(Task details) Copy out each record that follows exactly, and omit any picture you find.

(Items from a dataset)
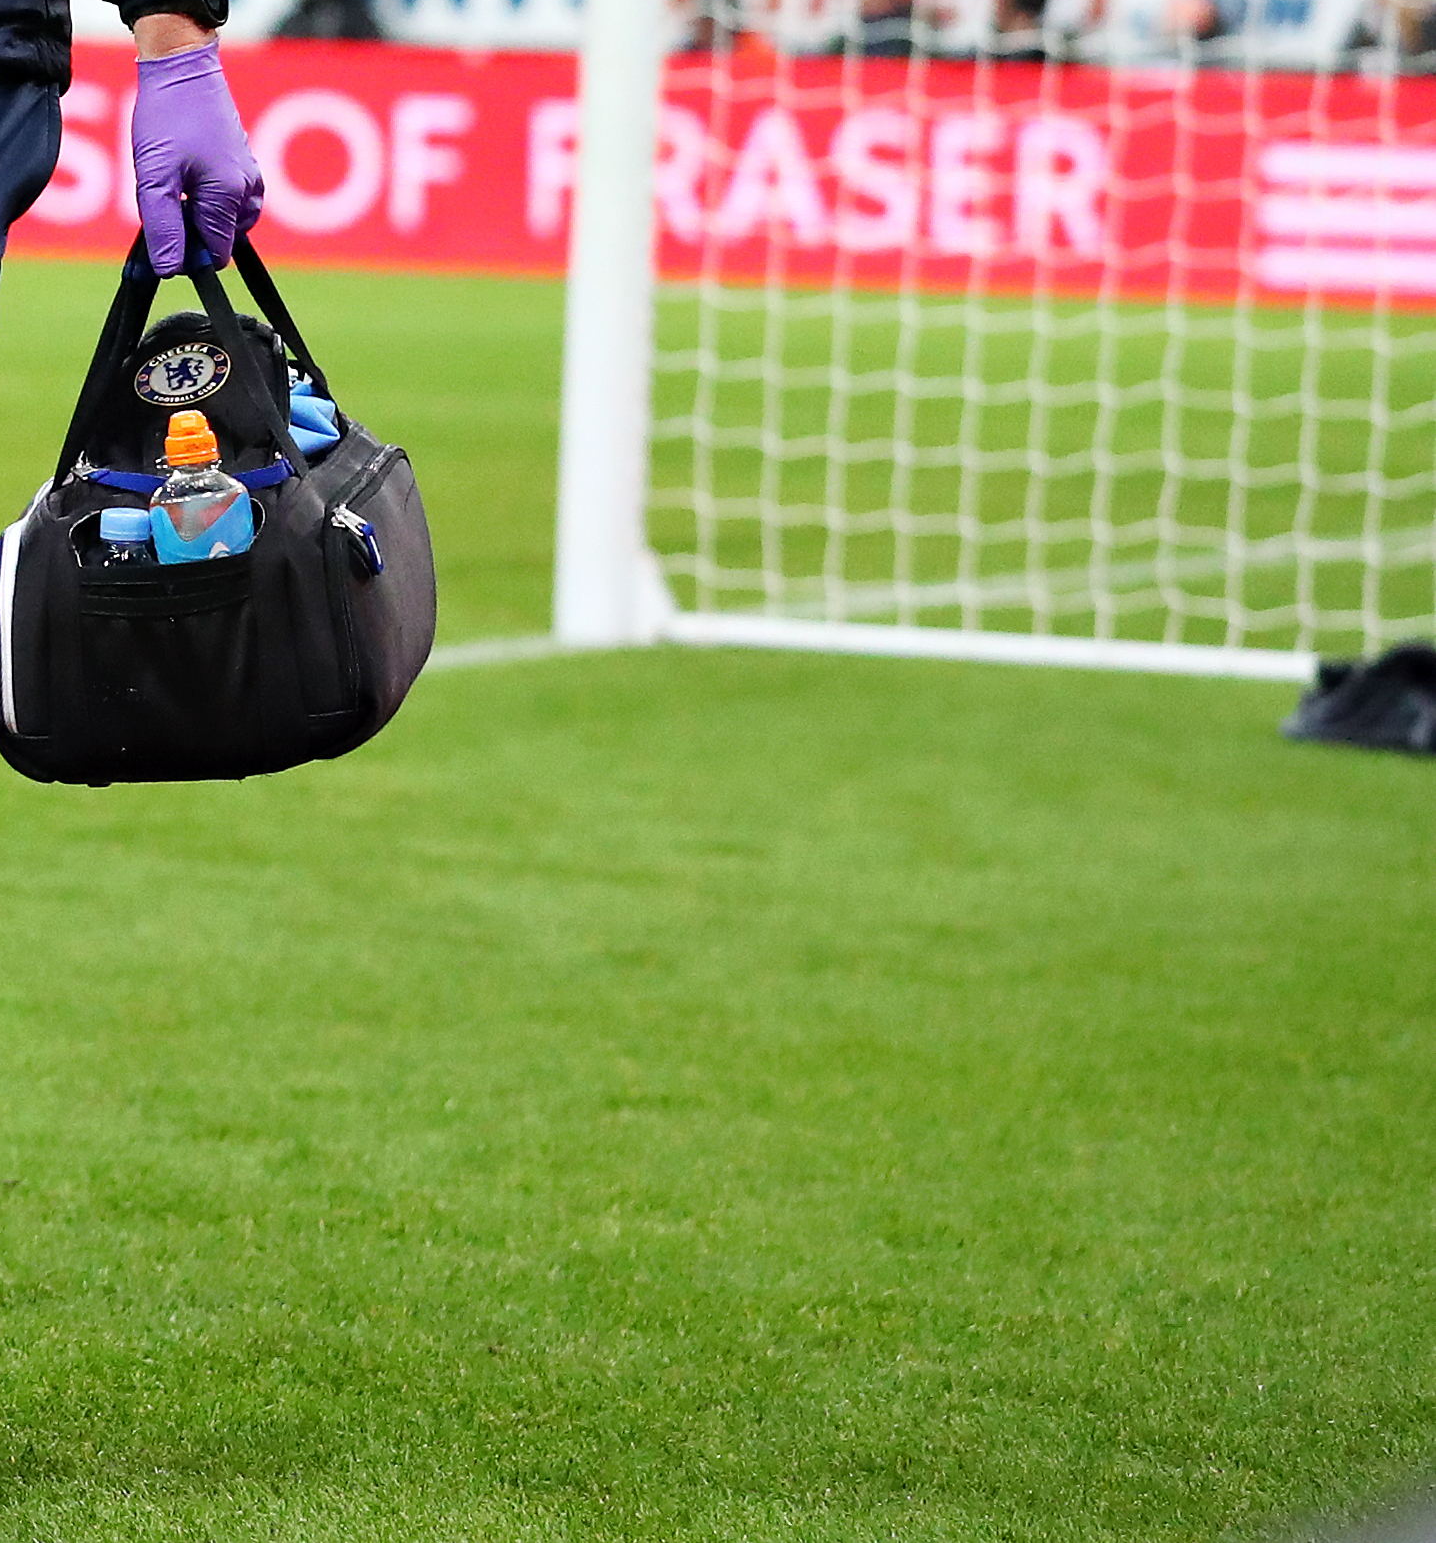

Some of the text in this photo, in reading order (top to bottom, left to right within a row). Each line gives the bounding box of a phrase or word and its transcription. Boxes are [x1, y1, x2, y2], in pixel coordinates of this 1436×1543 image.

[246, 87, 478, 237] OF
[528, 99, 1112, 255] FRASER
[148, 344, 209, 368] CHELSEA
[152, 381, 217, 403] FOOTBALL CLUB

(Task answer)
Some of the text in this photo, in reading order (top to bottom, left to right within a row). Each line gives the bounding box of a phrase or word and its transcription. Boxes are [x1, y1, x2, y2], in pixel coordinates of this 1436×1543 image.

[246, 87, 478, 237] OF
[528, 99, 1112, 255] FRASER
[148, 344, 209, 368] CHELSEA
[152, 381, 217, 403] FOOTBALL CLUB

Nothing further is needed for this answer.